By NEIL HARTNELL
Tribune Business Editor
The Government’s unfunded multi-billion dollar pension liabilities, projected to hit $3.7bn by 2030, were yesterday branded “a big time bomb waiting to go off”.
Robert Myers, the Organisation for Responsible Governance’s (ORG) principal, told Tribune Business that unfunded civil service pensions were threatening to send The Bahamas “bankrupt” unless swift corrective action was taken.
He spoke out after the International Monetary Fund (IMF), in its full Article IV report on The Bahamas, again warned that the current system - where civil servants contribute nothing to funding their retirement - is “unsustainable”.
The Washington DC-based Fund again listed civil service pensions, together with the public sector’s wage bill and loss-making state-owned enterprises (SOEs), as three key reforms that the Government must target if it is to reverse The Bahamas’ fiscal decline.
“The civil servants’ pension system is unsustainable,” the IMF warned. “Government employees draw pensions at retirement without contributing to the system while employed.
“Staff analysis in the 2016 Article IV Staff report noted that accrued government pension liabilities totaled B$1.5bn in 2012, and would rise to B$3.7bn by 2030 as the population ages.”
The IMF called for reforms that involve “moving to a contributory regime in the near term, and to a defined-contribution scheme in the medium-term”. This would require civil servants to contribute a portion of their salary to funding their retirement, rather than having this financed 100 per cent by the taxpayer through the Budget - as is done currently.
Mr Myers yesterday described these unfunded pension liabilities as the Bahamas’ “single biggest problem” alongside energy costs, the near-$8 billion national debt and $300 million-plus annual deficits, and accused successive administrations of “ignoring” the looming problem.
“That’s going to be a big time bomb waiting to go off,” the ORG principal told Tribune Business of the civil service pensions. “That’s a big issue that they just keep ignoring. The pension liabilities, outside of debt reduction and deficit reduction, it’s the single biggest problem we have.
“It’ll make the losses incurred by Bahamasair pale in comparison, or any of the others. You could take ZNS and all the others, add them together, and the [pension] liabilities would still be significantly bigger. If you look at those numbers, it’s tantamount to telling you that if you don’t deal with it you’re going to go bankrupt.”
The Government has known of its growing pension crisis for some time, but successive administrations have neglected to take any corrective action, instead preferring to ‘kick the can down the road’.
Tribune Business possesses a presentation delivered by the KPMG accounting firm in 2013, the early years of the Christie administration, which provided options for how the Government could arrest a growing liability that threatens to burden future Bahamian generations.

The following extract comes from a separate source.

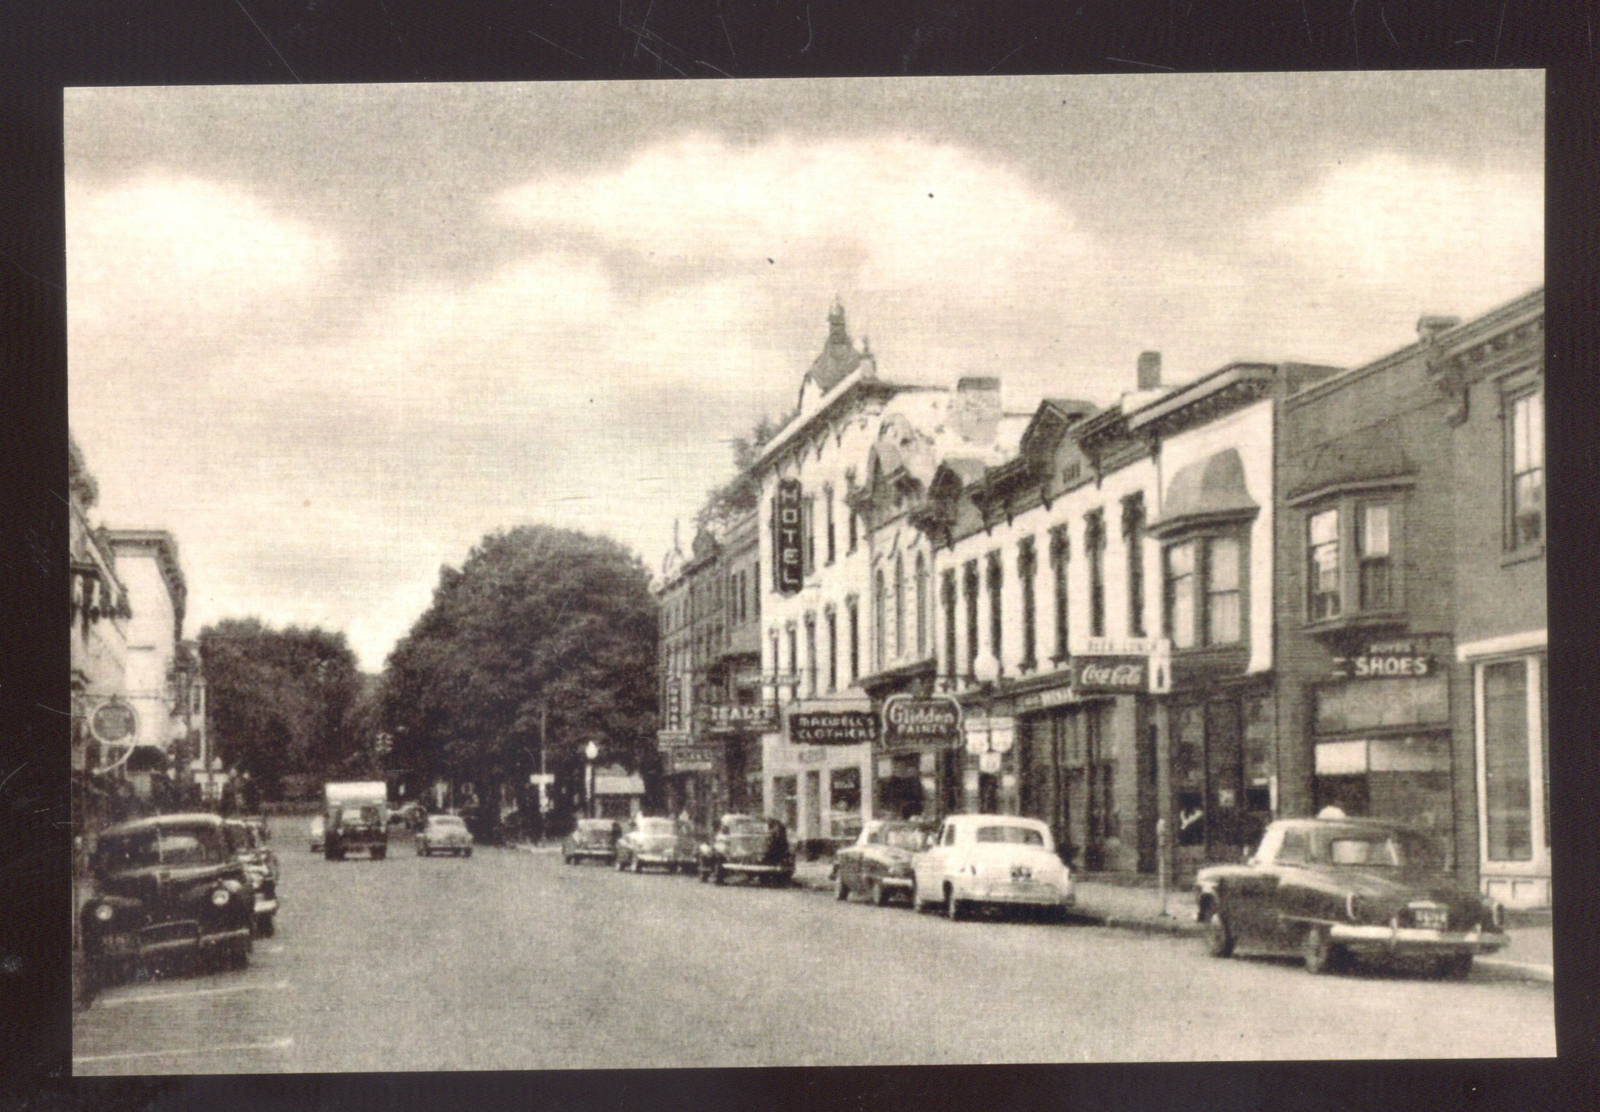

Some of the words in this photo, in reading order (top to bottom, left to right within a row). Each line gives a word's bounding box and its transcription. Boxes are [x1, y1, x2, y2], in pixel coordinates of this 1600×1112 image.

KPMG estimated the unfunded, ‘pay-as-you-go’, civil service pension liabilities at around $1.5 billion. These liabilities are set to increase to $2.5 billion by 2022, and $4.1 billion by 2032, unless reforms are enacted.

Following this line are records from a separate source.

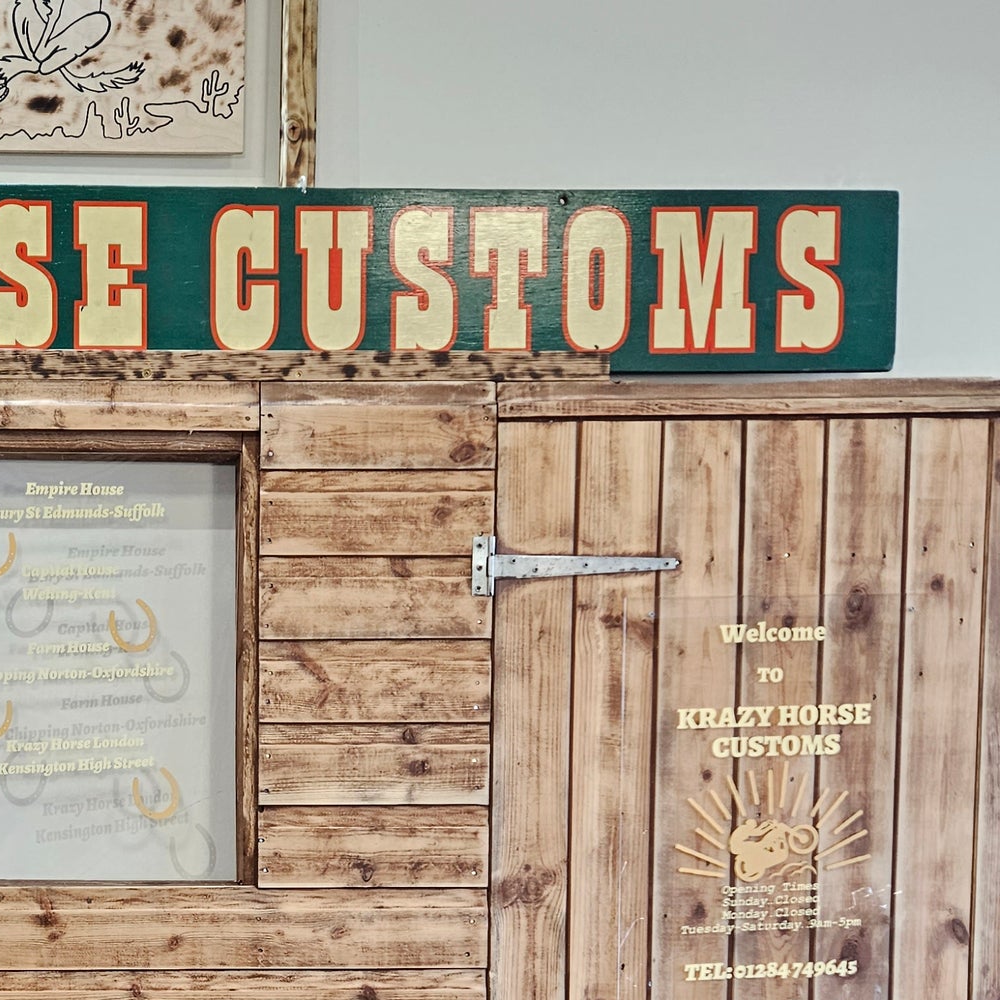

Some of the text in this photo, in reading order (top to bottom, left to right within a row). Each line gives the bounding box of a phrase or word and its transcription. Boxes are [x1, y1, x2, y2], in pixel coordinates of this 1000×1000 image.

[210, 203, 845, 355] CUSTOMS
[25, 481, 124, 499] Empire House
[26, 505, 41, 519] St
[42, 503, 165, 522] Edmunds-Suffolk
[720, 622, 826, 643] Welcome
[37, 665, 175, 681] Norton-Oxfordshire
[757, 667, 784, 683] TO
[677, 703, 872, 729] KRAZY HORSE
[6, 735, 144, 754] Krazy Horse London
[712, 734, 841, 758] CUSTOMS
[77, 757, 112, 773] High
[114, 756, 154, 770] Street
[720, 882, 820, 897] Opening Times
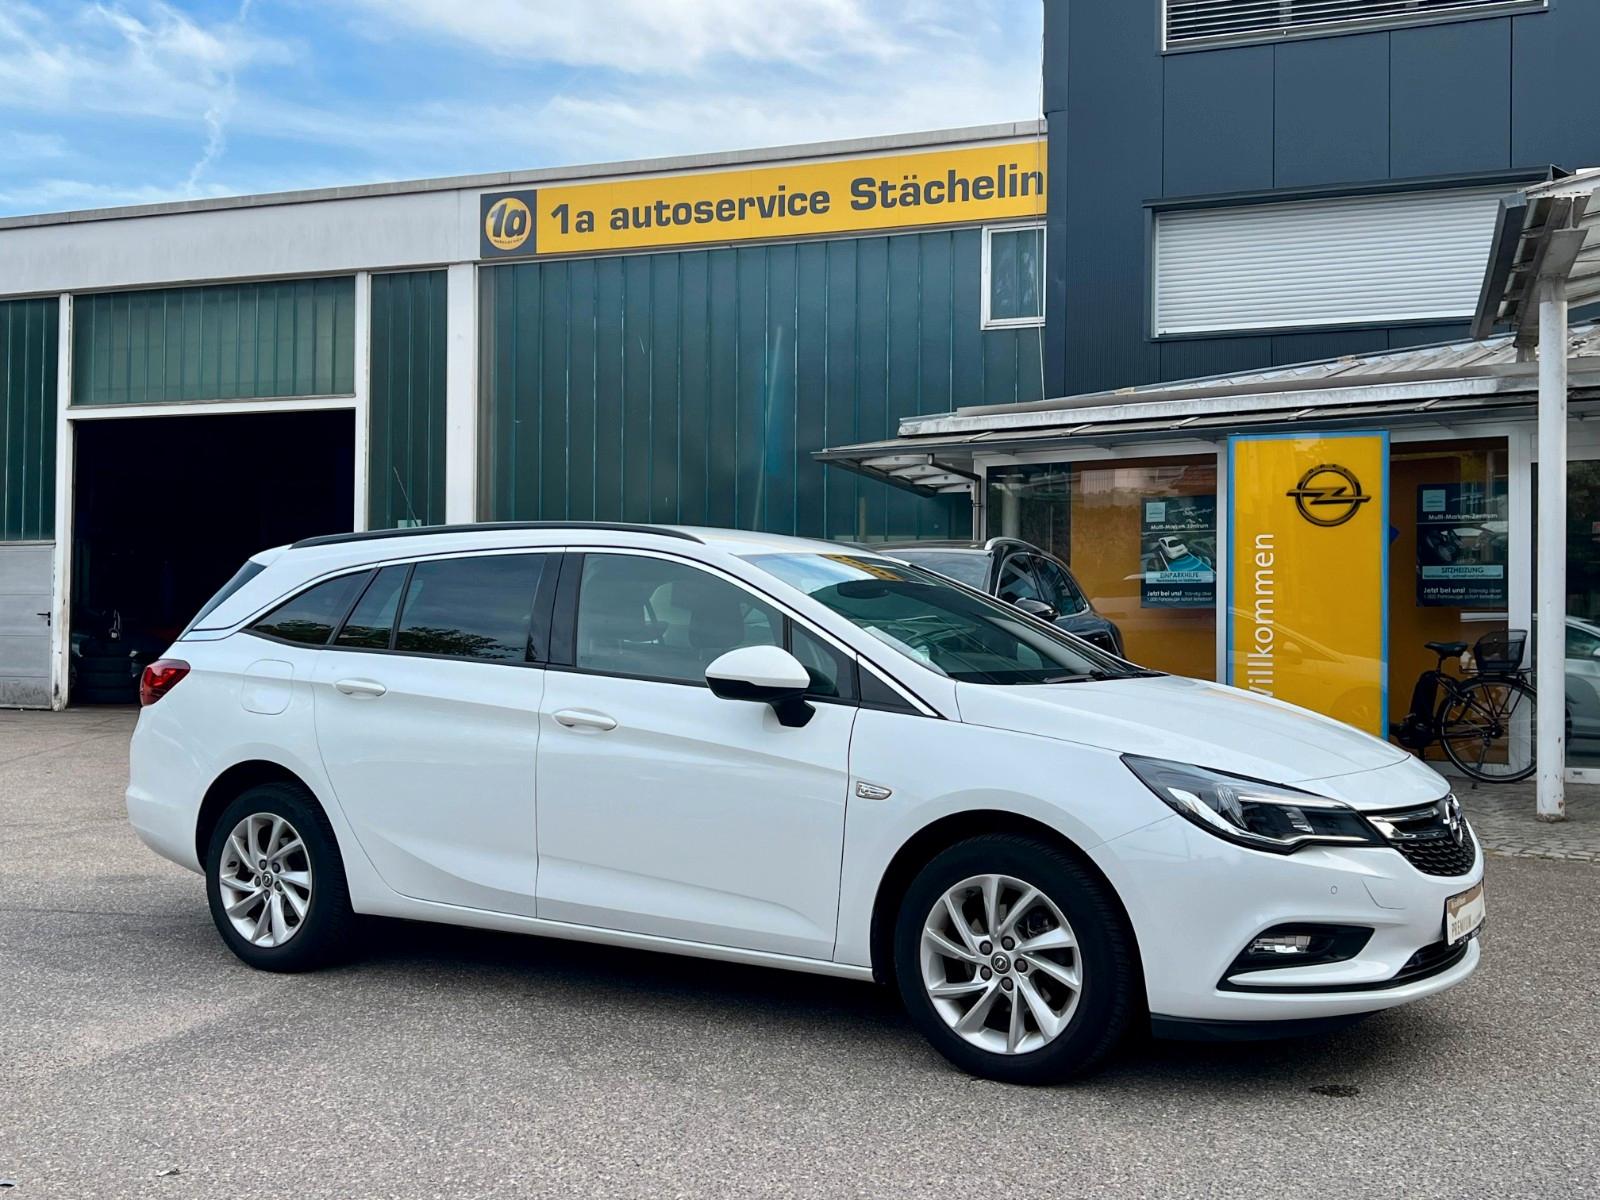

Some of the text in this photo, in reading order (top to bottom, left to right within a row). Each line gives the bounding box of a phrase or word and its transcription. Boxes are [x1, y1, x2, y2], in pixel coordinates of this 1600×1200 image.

[490, 203, 527, 238] 1a
[551, 163, 1044, 234] 1a autoservice Stächelin

The IMF, for its part, said in 2016: “Government pensioners (15 per cent of the public work force) receive pension payments from the Budget that, on average, stood at 1 per cent of GDP and 7.3 per cent of tax revenue per year in 1994–2014.
“The accrued pension liabilities [will total] $1.5 billion in 2021 (17.9 per cent of GDP). Pension payments and liabilities are projected to reach $230 million (1.5 per cent of GDP) and $3.7 billion (24 per cent of GDP), respectively, by 2030.”
The payments to civil service pensioners come directly out of the Government’s annual Budget, as no specific scheme has been set aside for them. The 2017-2018 Budget allocates $95 million to pension payments, and projects that this sum will be held constant for the next two fiscal years.
The IMF’s 2018 Article IV report projects a $2.2 billion increase in these unfunded liabilities over the 18 years to 2030, which translates into an average increase of $122 million per year.
“If that doesn’t wake somebody up they probably shouldn’t be in the job,” Mr Myers said yesterday. “They’ve got to get that capped. You can’t afford to lose over $100 million per year.”
The IMF previously called for civil servants to contribute 5 per cent of their salaries towards their pensions, with the Government matching this sum, converting the system into the ‘defined contribution’ scheme most commonly used worldwide.
“Pension payments have trended up to an estimated 1.1 per cent of GDP in fiscal year 2017, and population aging will increase them further,” the IMF said last year. “Staff recommended transforming the civil servants’ pension system into a contributory regime in the near term, with contributions commensurate with benefits, and with a view to move to a defined-contribution scheme in the medium term. Setting contributions at 5 per cent of wages for pensionable employees could yield revenues for 0.3 per cent of GDP.”